En un comunicado, AIMPLAS asegura que la ingesta de esta sustancia a través de los envases está "muy por debajo" del límite establecido.
El bisfenol A se utiliza en la composición de algunos plásticos, como el policarbonato, presente en productos como biberones, vajillas, recipientes de electrodomésticos, dispensadores de agua y las juntas de goma de las tapas de los potitos.
El responsable de la línea de Envase y Embalaje de AIMPLAS, Sergio Giménez, ha explicado que existen diversos estudios que han demostrado la toxicidad de esta sustancia, si bien dicha toxicidad depende de la cantidad que se ingiera.

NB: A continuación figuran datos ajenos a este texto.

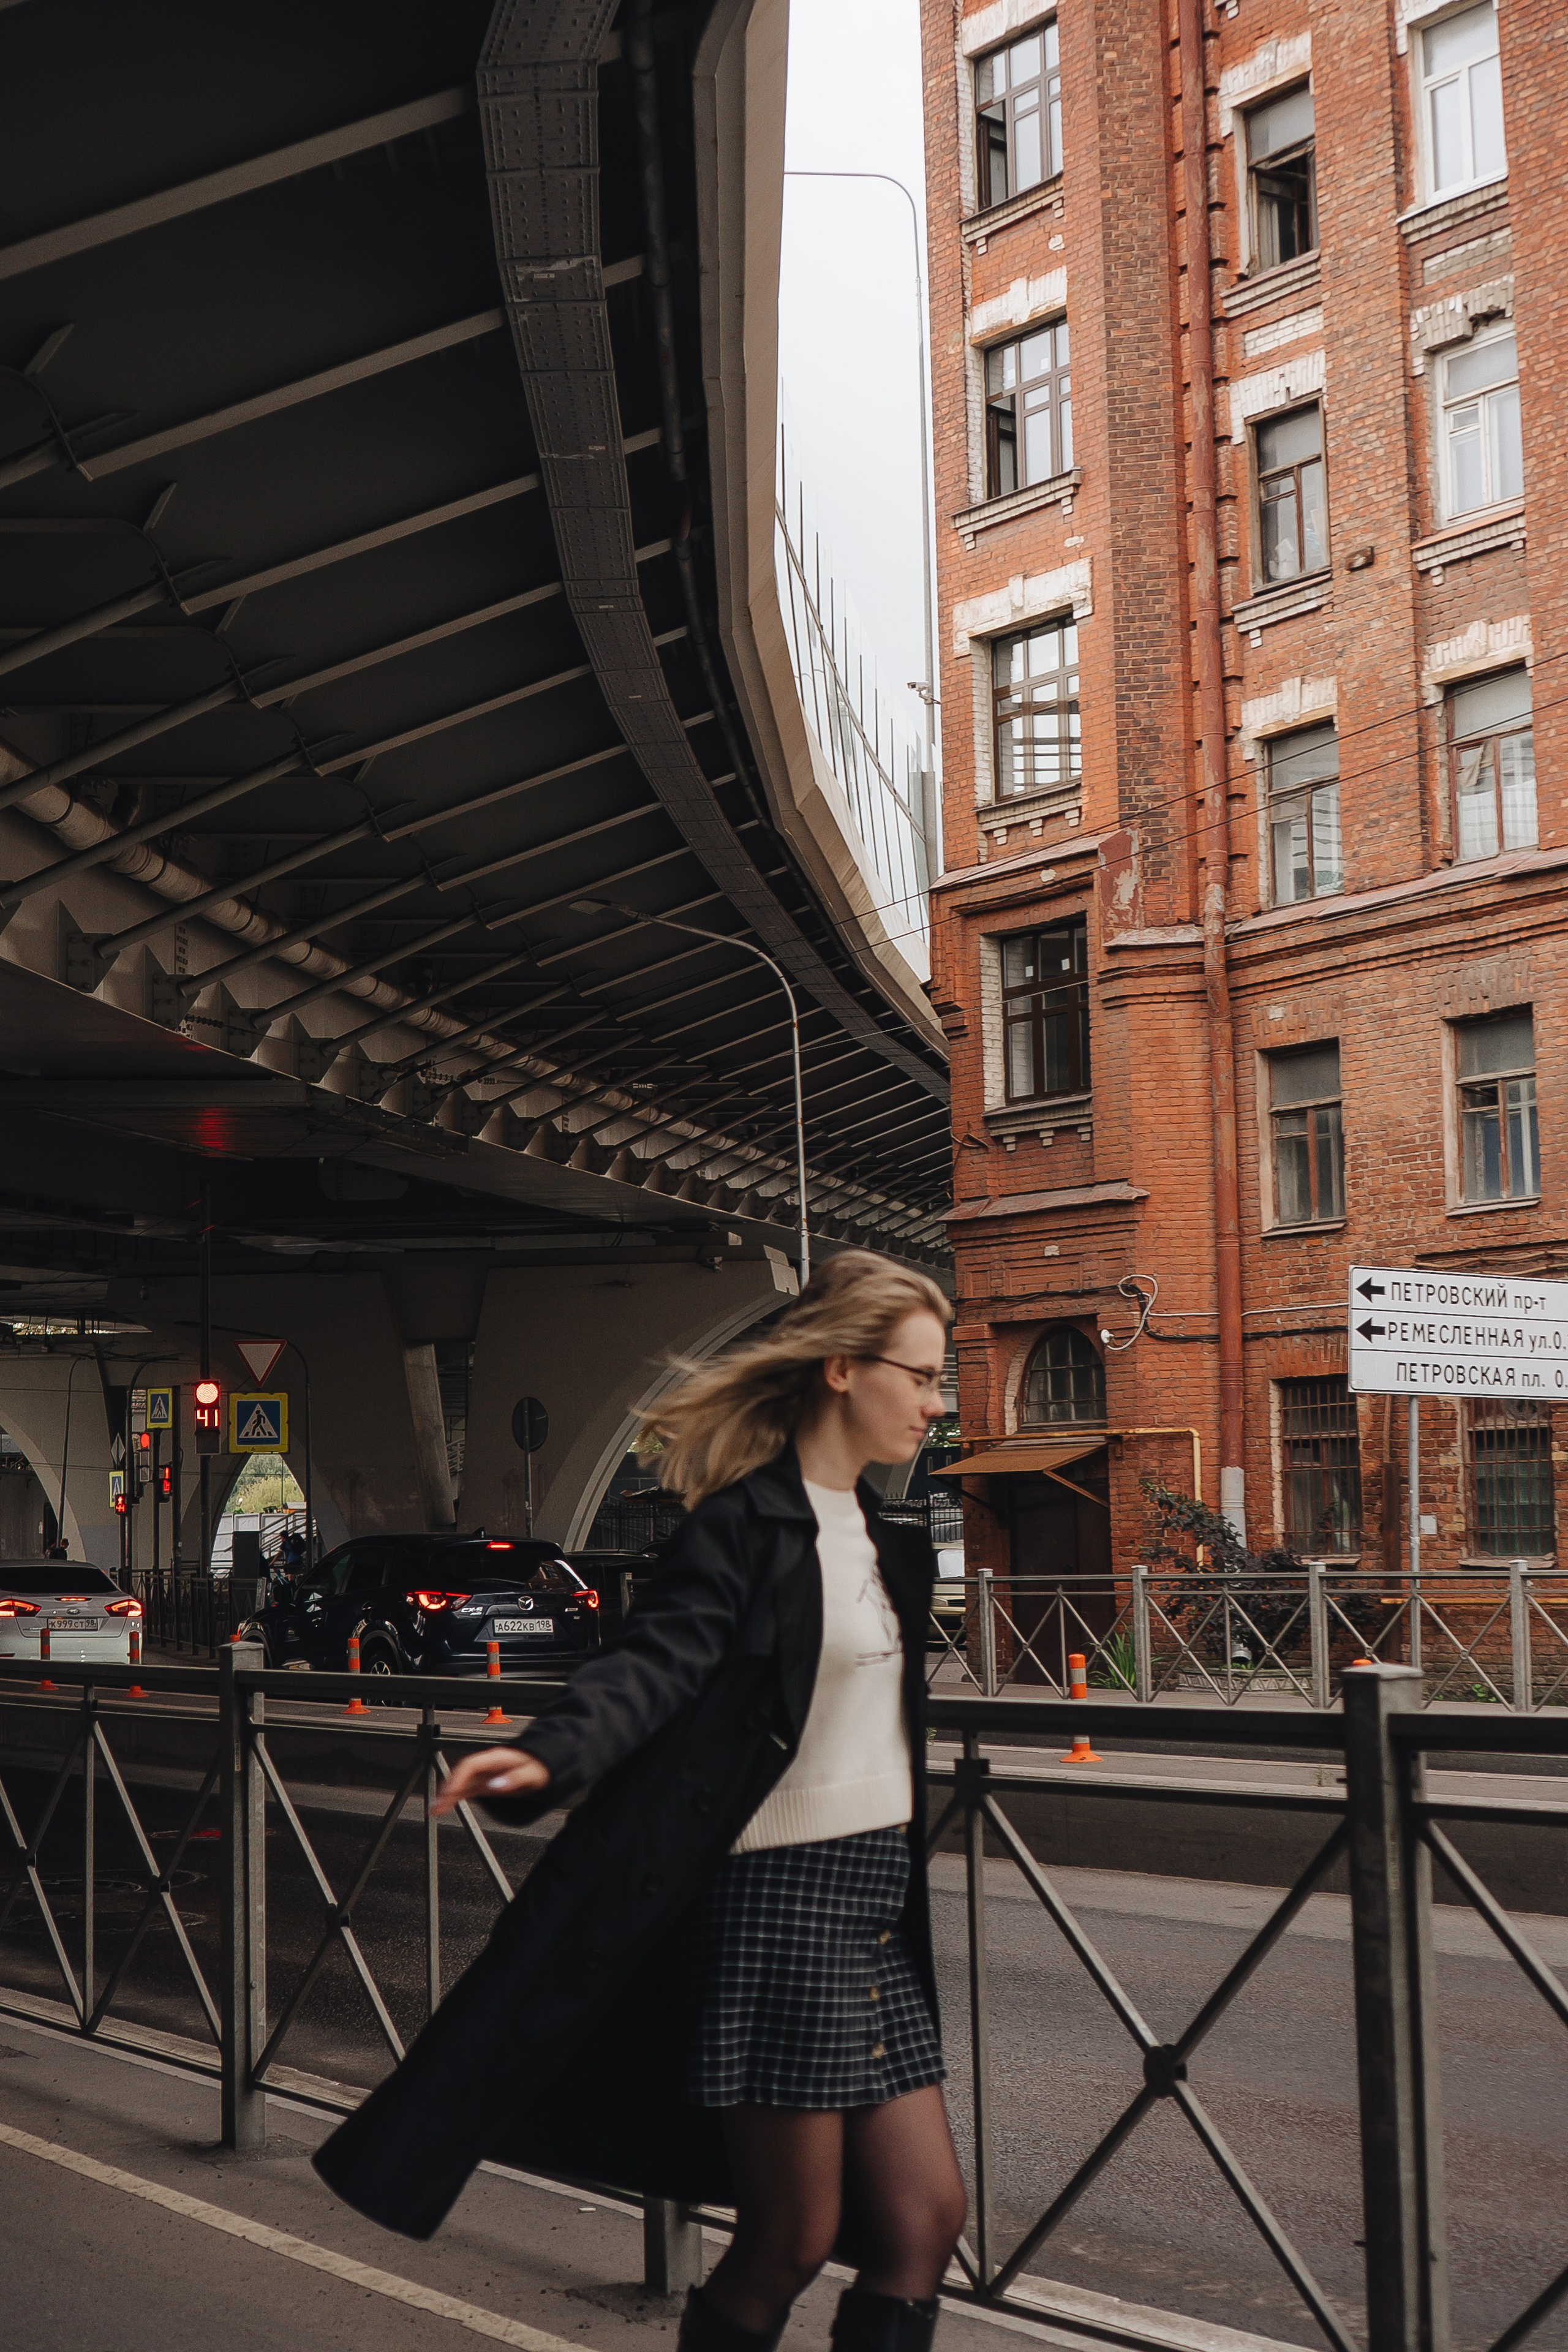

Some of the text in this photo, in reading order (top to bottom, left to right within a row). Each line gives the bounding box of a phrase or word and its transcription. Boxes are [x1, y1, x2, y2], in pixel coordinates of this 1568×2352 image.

[1391, 1281, 1547, 1314] ПЕТРОВСКИЙ пр-т
[1387, 1321, 1524, 1348] РЕМЕСЛЕННАЯ
[1553, 1331, 1568, 1350] 0.
[1396, 1362, 1517, 1387] ПЕТРОВСКАЯ
[1521, 1373, 1545, 1387] пл.
[197, 1409, 219, 1427] 41
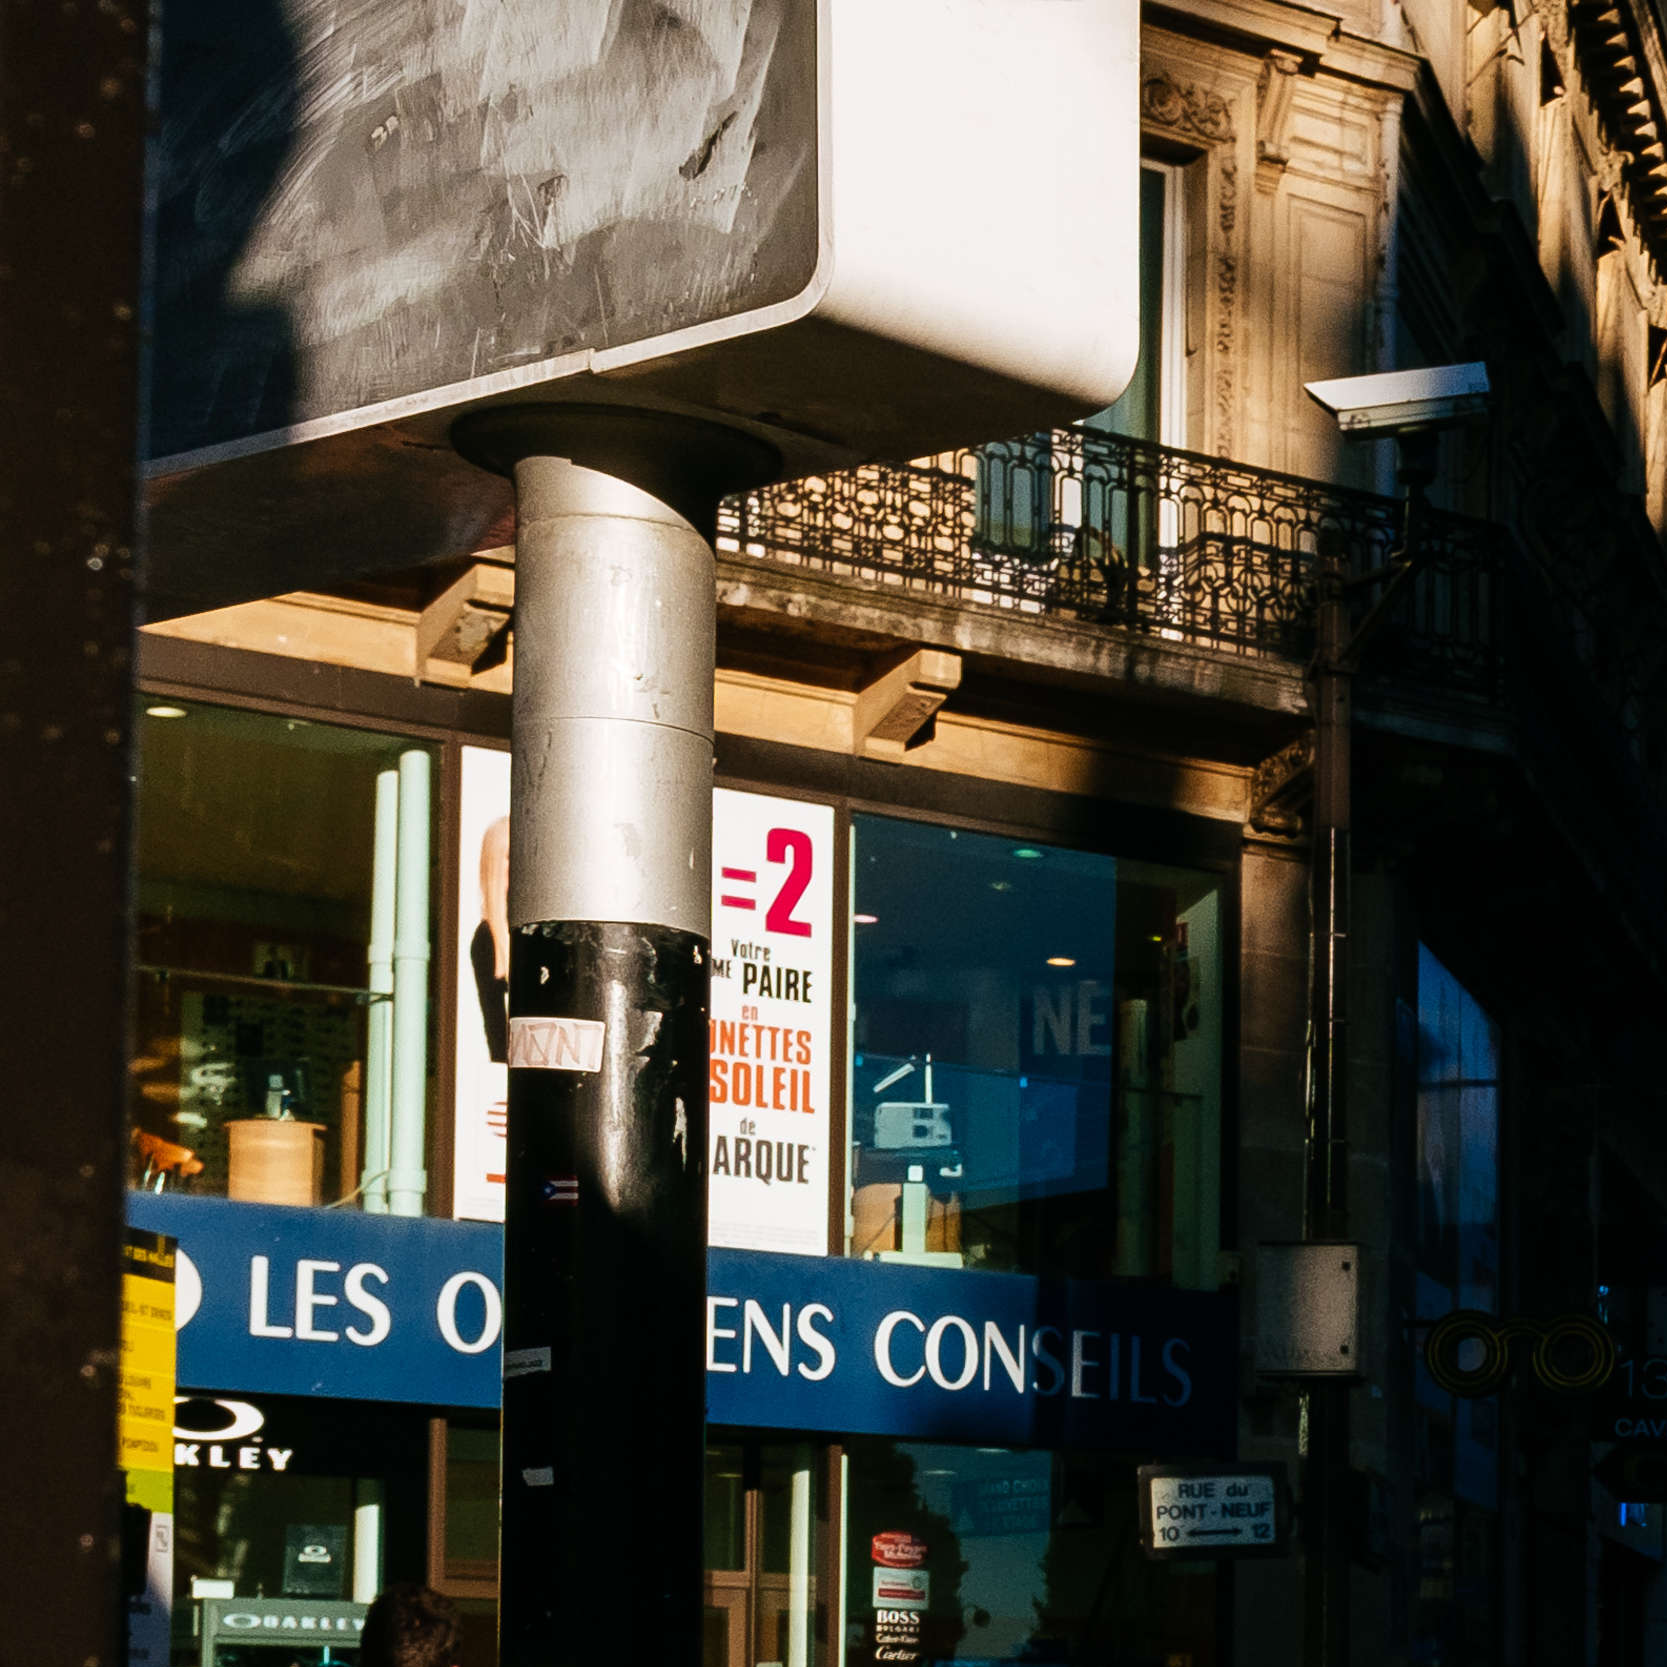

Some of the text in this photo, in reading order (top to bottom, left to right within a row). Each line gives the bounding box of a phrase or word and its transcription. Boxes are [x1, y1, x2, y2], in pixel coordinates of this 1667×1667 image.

[731, 939, 771, 961] Votre
[743, 962, 812, 1003] PAIRE
[742, 1005, 758, 1020] en
[709, 1018, 812, 1065] NETTES
[709, 1058, 815, 1114] SOLEIL
[740, 1117, 755, 1135] de
[712, 1135, 809, 1185] ARQUE
[250, 1255, 391, 1347] LES
[874, 1310, 1193, 1408] CONSEILS
[174, 1444, 293, 1471] KLEY
[1178, 1482, 1249, 1499] RUE du
[1160, 1523, 1271, 1541] 10 12
[262, 1614, 366, 1631] OAKLEY
[876, 1609, 920, 1624] BOSS

Prohibiciones en Canadá y Dinamarca
Por su parte, la Agencia Española de Seguridad Alimentaria (AESA) ha ratificado la decisión de la Agencia Europea de Seguridad Alimentaria de limitar el uso del bisfenol A, aunque recuerda que en algunos países como Canadá o Dinamarca han prohibido su uso en artículos infantiles, y otros como Francia o Bélgica tienen previsto hacerlo.
En los últimos años la demanda mundial de policarbonato ha aumentado en un 9% anualmente, hasta alcanzar los 3 millones de toneladas en 2009, según AIMPLAS. En España el pasado año se produjeron más de 200.000 toneladas de esta sustancia, con un valor superior a los 400 millones de euros (datos del Instituto Nacional de Estadística).